10:26 PM PDT To help speed up recovery, we have temporarily disabled Fargate task and pod launches in the US-EAST-1 region. While we are in this state, you will see all Fargate task and pod launches fail. Disabling Fargate task launches will free the service up to process and release the leaked instances. We estimate that we have released 93% of the leaked instances and at the current rate that all leaked instances will have been released by 10:45 PM PDT. Once we have released all the leaked instances and are seeing recovery in our other metrics, we will slowly ramp up Fargate task and pod launches and enable normal operations. We expect to be able to communicate an ETA for recovery soon after we complete releasing all leaked instances. Once this happens, our best estimate is an additional 1 to 2 hours for recovery. In the meantime, customers are recommended to avoid scaling down tasks and pods as they will not be able to launch new tasks until we re-enable Fargate task and pod launches. Customers can also switch to using EC2 with ECS and EKS as a mitigation since ECS with EC2 and EKS with EC2 are not impacted by this event.
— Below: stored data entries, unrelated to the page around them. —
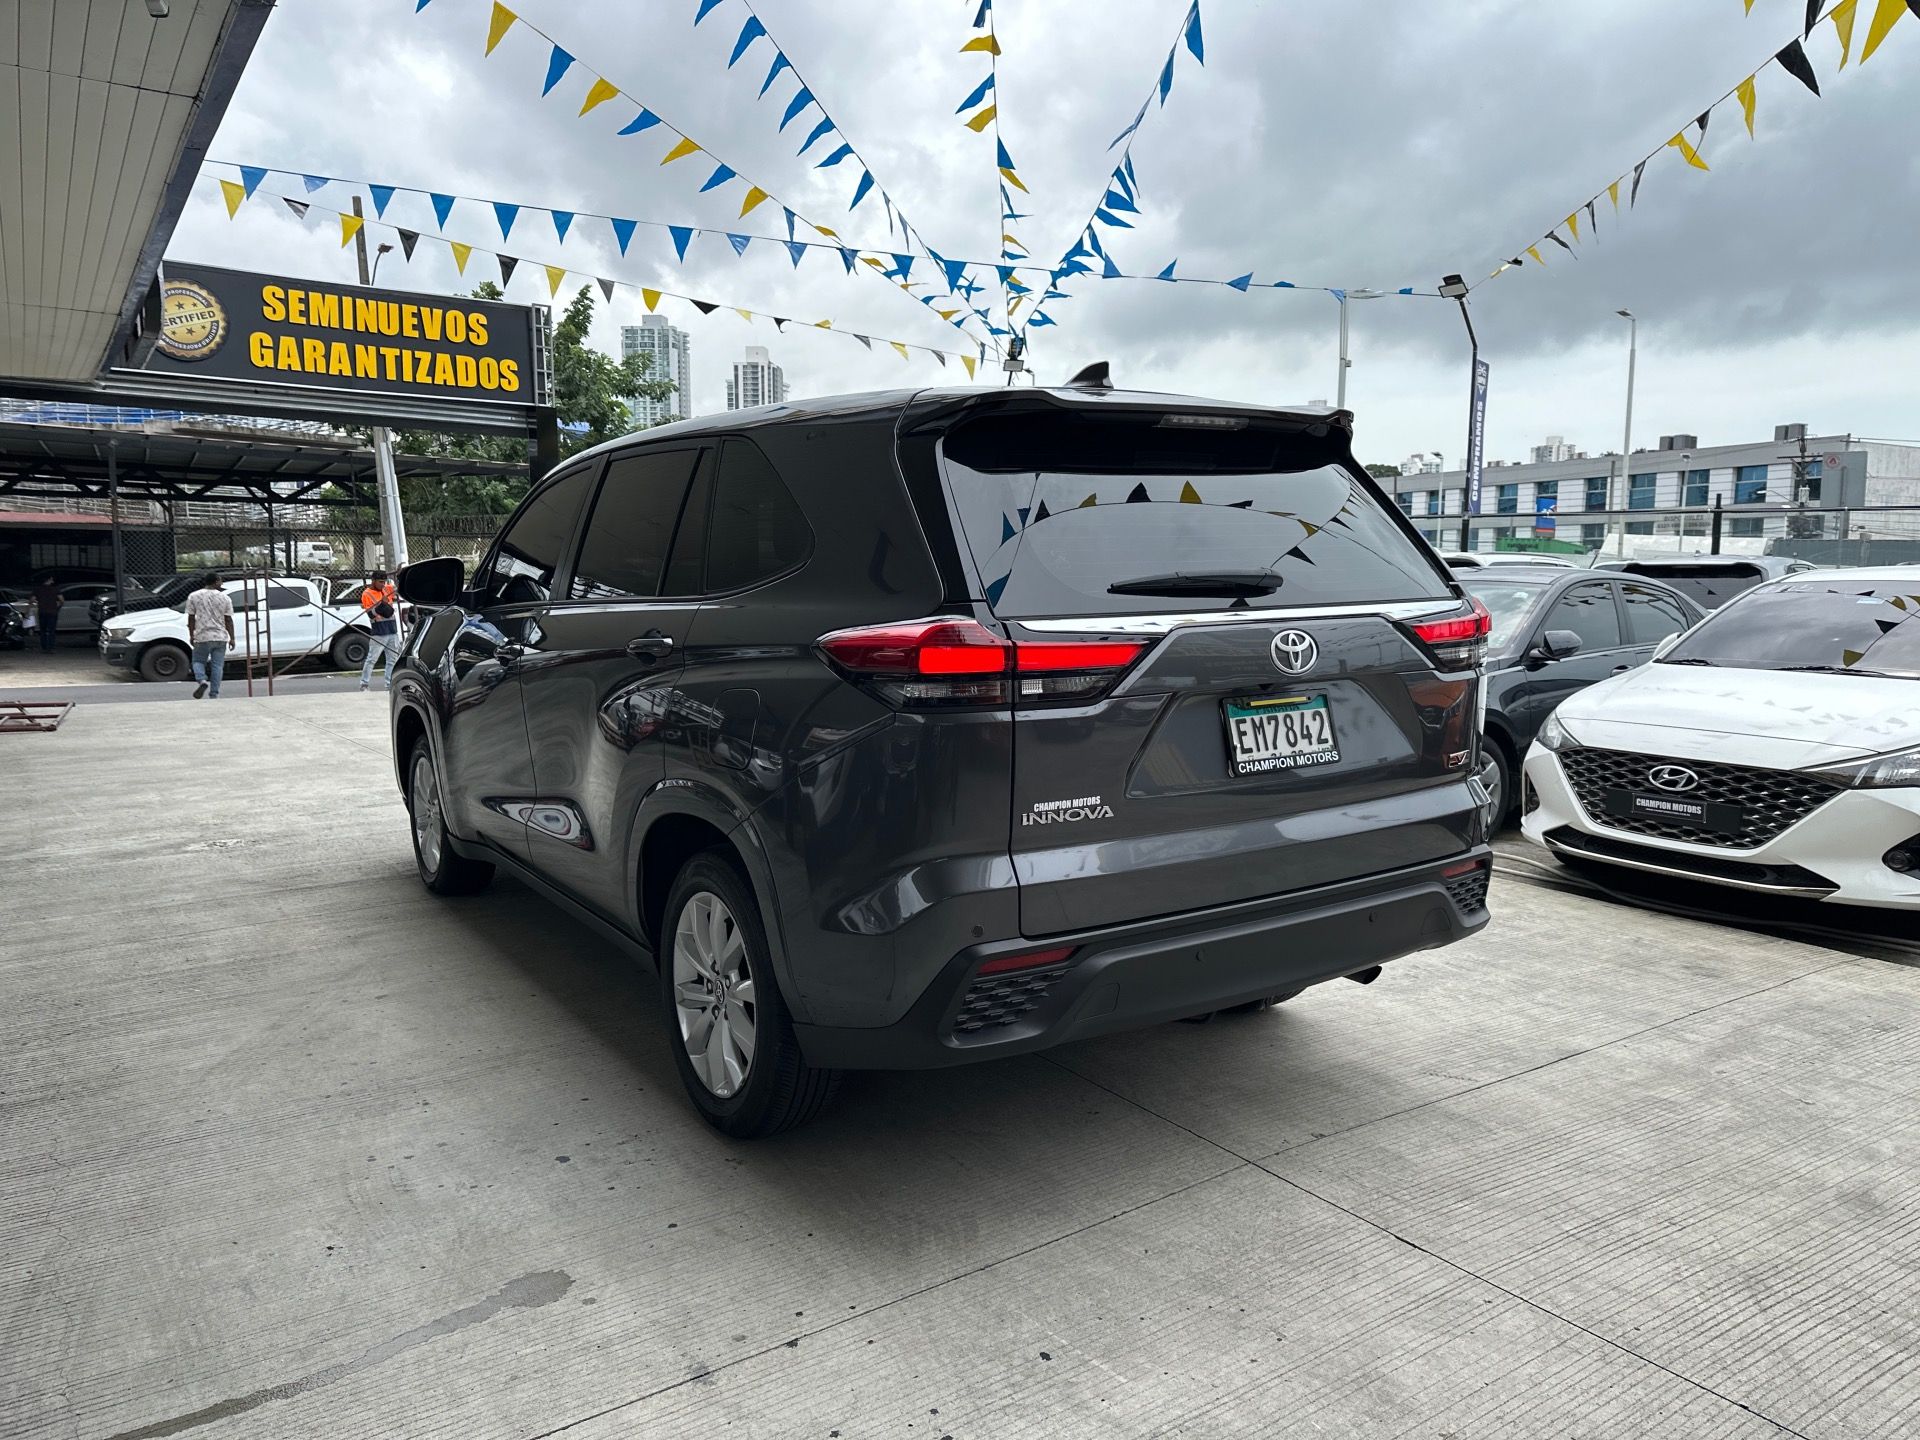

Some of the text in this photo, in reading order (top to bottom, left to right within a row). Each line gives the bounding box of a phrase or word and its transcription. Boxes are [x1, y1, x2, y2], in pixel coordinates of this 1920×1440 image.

[163, 310, 217, 327] ERTIFIED
[262, 285, 489, 346] SEMINUEVOS
[249, 331, 519, 392] GARANTIZADOS
[1472, 401, 1483, 502] COMPRAMOS
[1235, 710, 1329, 754] EM7842
[1238, 756, 1294, 773] CHAMPION
[1296, 751, 1339, 766] MOTORS
[1033, 795, 1101, 812] CHAMPION MOTORS
[1636, 798, 1671, 810] CHAMPION
[1672, 803, 1702, 814] MOTORS
[1022, 805, 1114, 826] INNOVA
11:42 PM PDT To help speed up recovery, we have temporarily disabled Fargate task and pod launches in the US-EAST-1 region. While we are in this state, you will see all Fargate task and pod launches fail. Disabling Fargate task launches will free the service up to process and release the leaked instances. We have now released effectively all leaked instances and are now starting the process to re-enable Fargate task launches. We will start by enabling Fargate task launches for a small number of accounts and then increase that as we see success. As the pace of recovery is dependent on how fast we increase task launches, it is still too early to provide an ETA for full recovery, but we still expect hours before we are fully recovered. In the meantime, customers are recommended to avoid scaling down tasks and pods as they will not be able to launch new tasks until we re-enable Fargate task and pod launches. Customers can also switch to using EC2 with ECS and EKS as a mitigation since ECS with EC2 and EKS with EC2 are not impacted by this event.

Aug 25, 12:46 AM PDT We have started to enable Fargate task launches in the US-EAST-1 Region again. We are seeing successful task launches and continue to slowly increase the number of tasks being launched. Most customers will still see their task launches failing until we see enough progress to broadly enable task launches. We expect to have enough data to further increase task launches by 1:10 AM PDT. The progress at that point will help inform ETA for recovery, we still estimate this to be hours out. In the meantime, customers are recommended to avoid scaling down tasks and pods as they will not be able to launch new tasks until we re-enable Fargate task and pod launches. Customers can also switch to using EC2 with ECS and EKS as a mitigation since ECS with EC2 and EKS with EC2 are not impacted by this event.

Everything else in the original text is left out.